LONDON (Nov. 16)
Dr. Aharon Klug, this year’s Nobel Prize winner for chemistry is the latest of a long list of Jewish Nobel Laureates, but he is probably the first former member of the Habonim (Labor) Zionist youth movement to be so honored. Klug belonged to the Habonim-Hechalutz in South Africa where he was brought up and educated before settling in Cambridge, in 1949.
He won the Nobel Prize for chemistry for developing electron microscopy which helps explain biological functions on the basis of chemical structure. Twenty years ago, Max Perutz, a Cambridge scientist, who is also Jewish, was joint winner of the some awards For the past 20 years Klug has worked at Cambridge University’s molecular division run by the Medical Research Council.

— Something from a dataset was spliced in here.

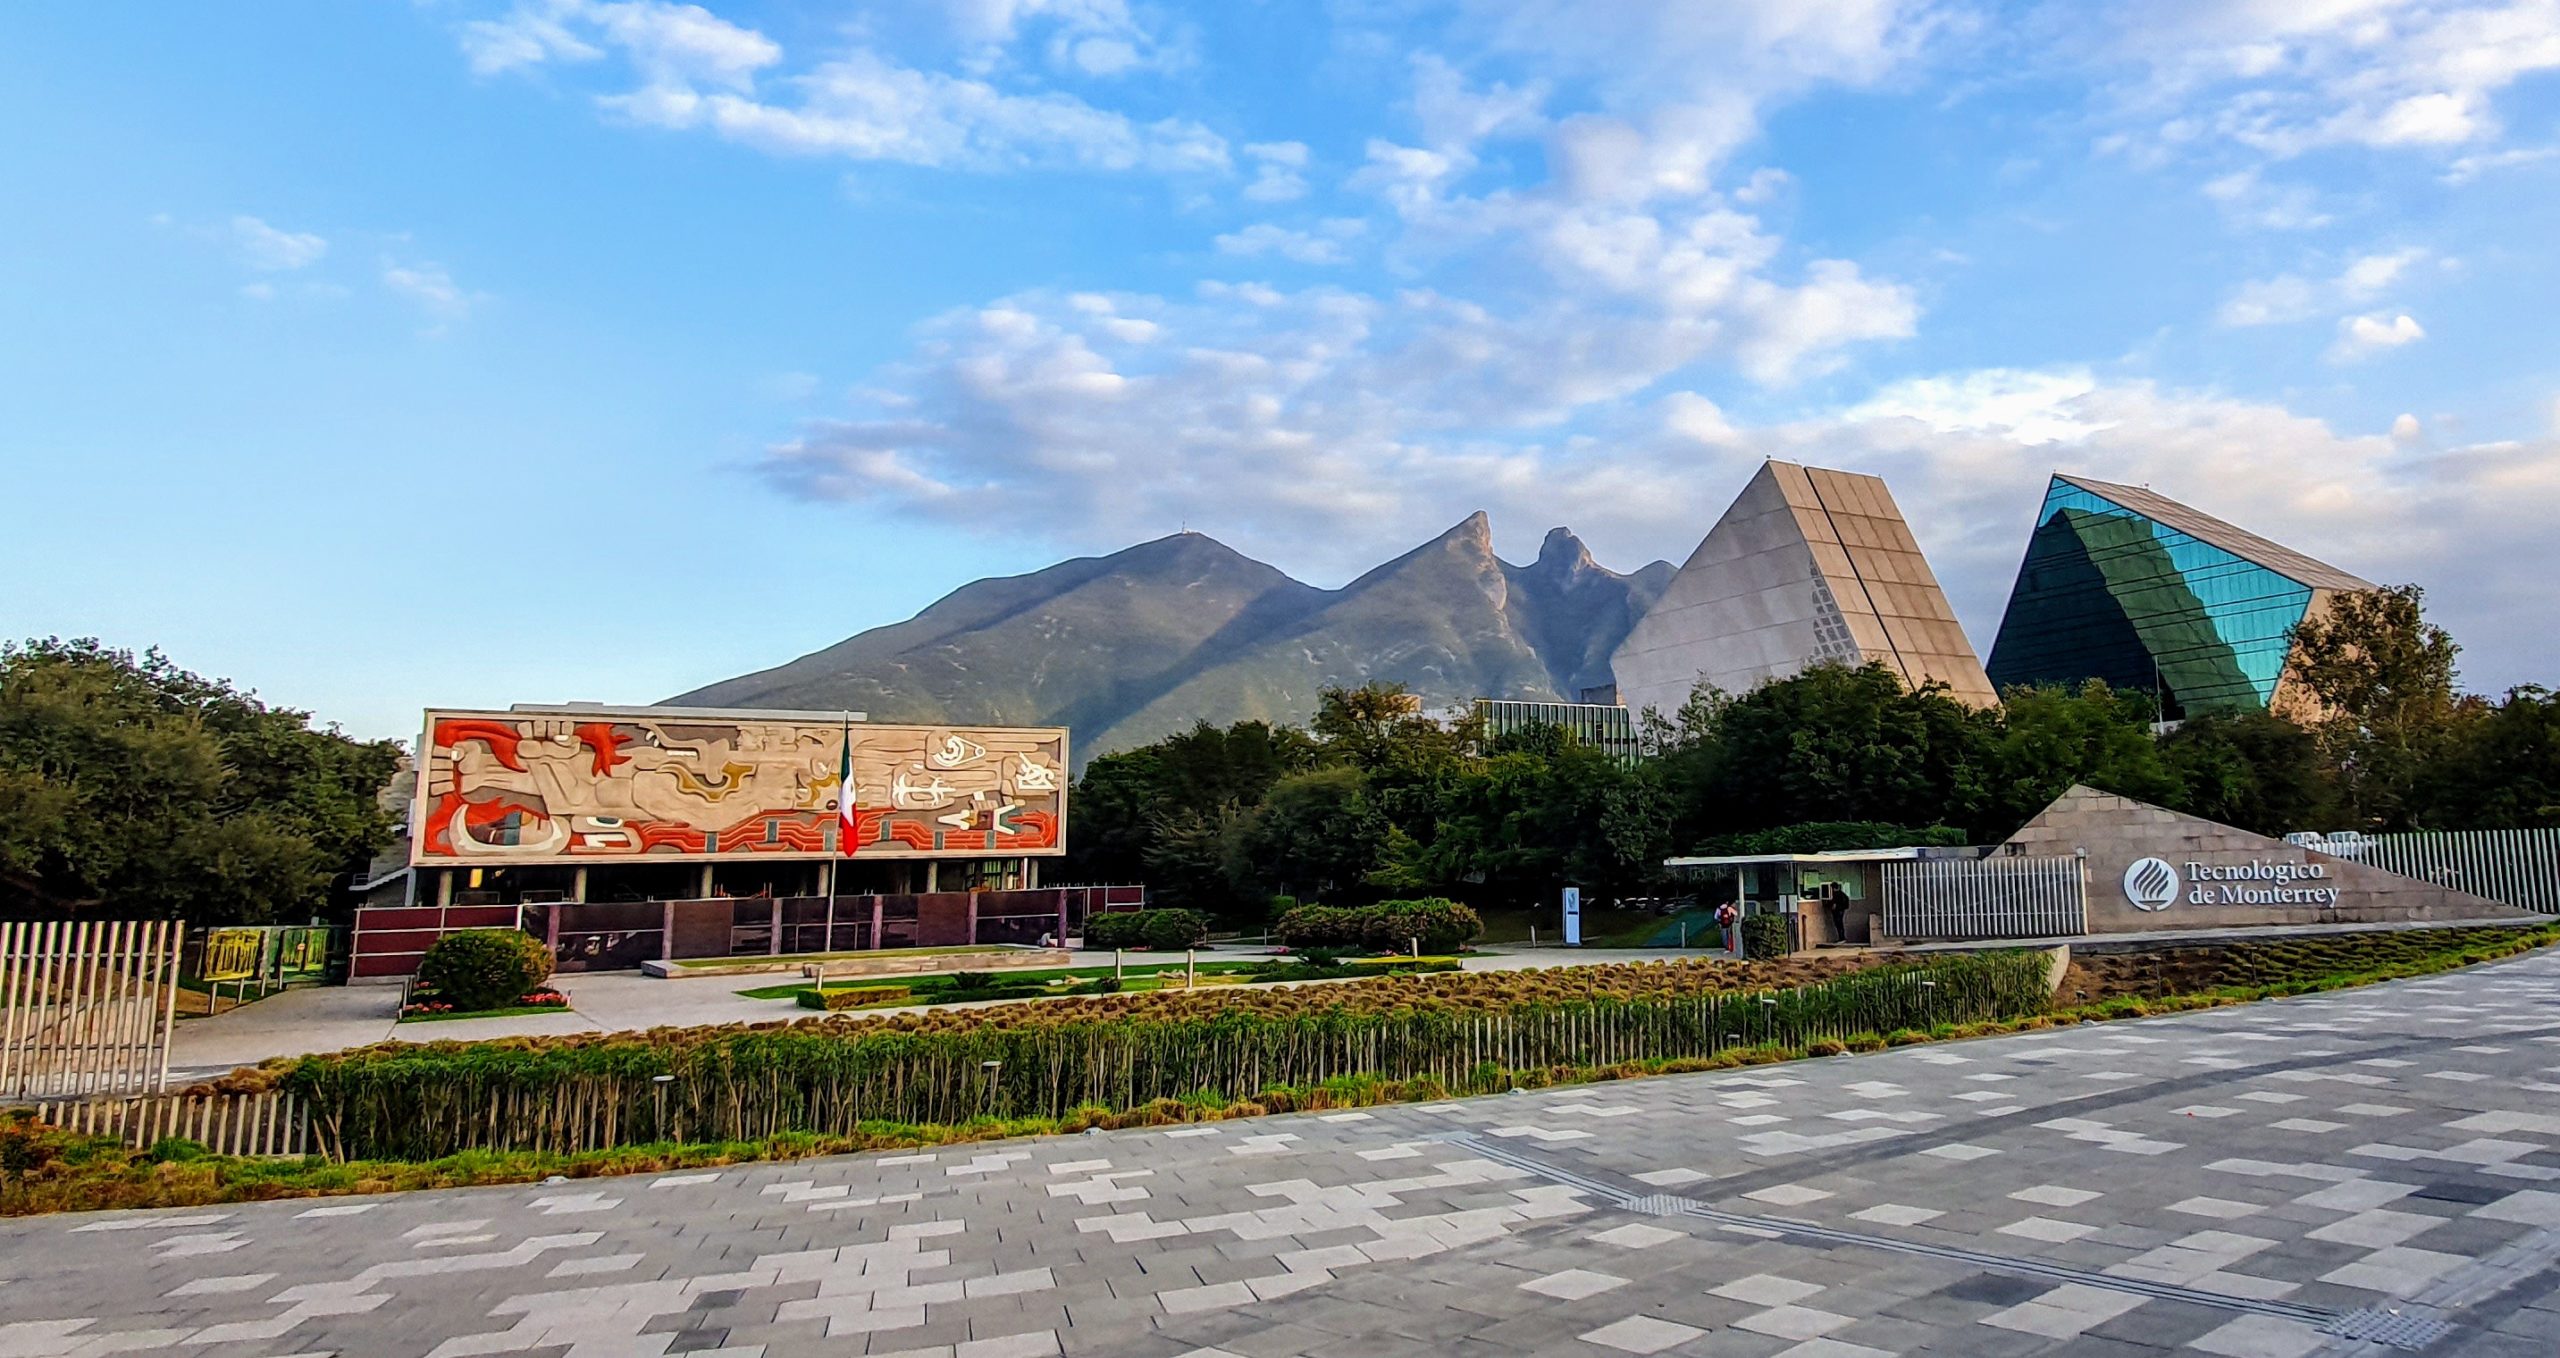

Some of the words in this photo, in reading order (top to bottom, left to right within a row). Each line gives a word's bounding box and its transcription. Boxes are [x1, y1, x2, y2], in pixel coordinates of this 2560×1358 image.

[2185, 859, 2324, 885] Tecnológico
[2188, 884, 2215, 905] de
[2220, 885, 2341, 908] Monterrey

His wife, Lieve, is the daughter of Alexander Bobrow, who immediately after World War I established the Cape Town Jewish Orphanage for children whom he brought out of Russia under the auspices of the Joint Distribution Committee.
A TRADITIONAL JEW
Since settling in Cambridge, the Klugs have retained their strong links with Judaism and Israel. Klug, who says he regards himself as a traditional Jew, is a member of the local Jewish Residents Association which runs the city’s synagogue Their elder son, a 28-year-old econometrics researcher at Tel Aviv University, was recently married in Israel to a British-born woman. Their younger son, aged 19, is studying physics at London University.
Klug was born in Lithuania and brought to South Africa at the age of two. Members of his mother’s family had settled there at the beginning of the century. He was educated at the universities of Witwatersrand and Cape Town. His brother Benjamin is a civil engineer in Johannesburg and his mother and a sister live in Durban.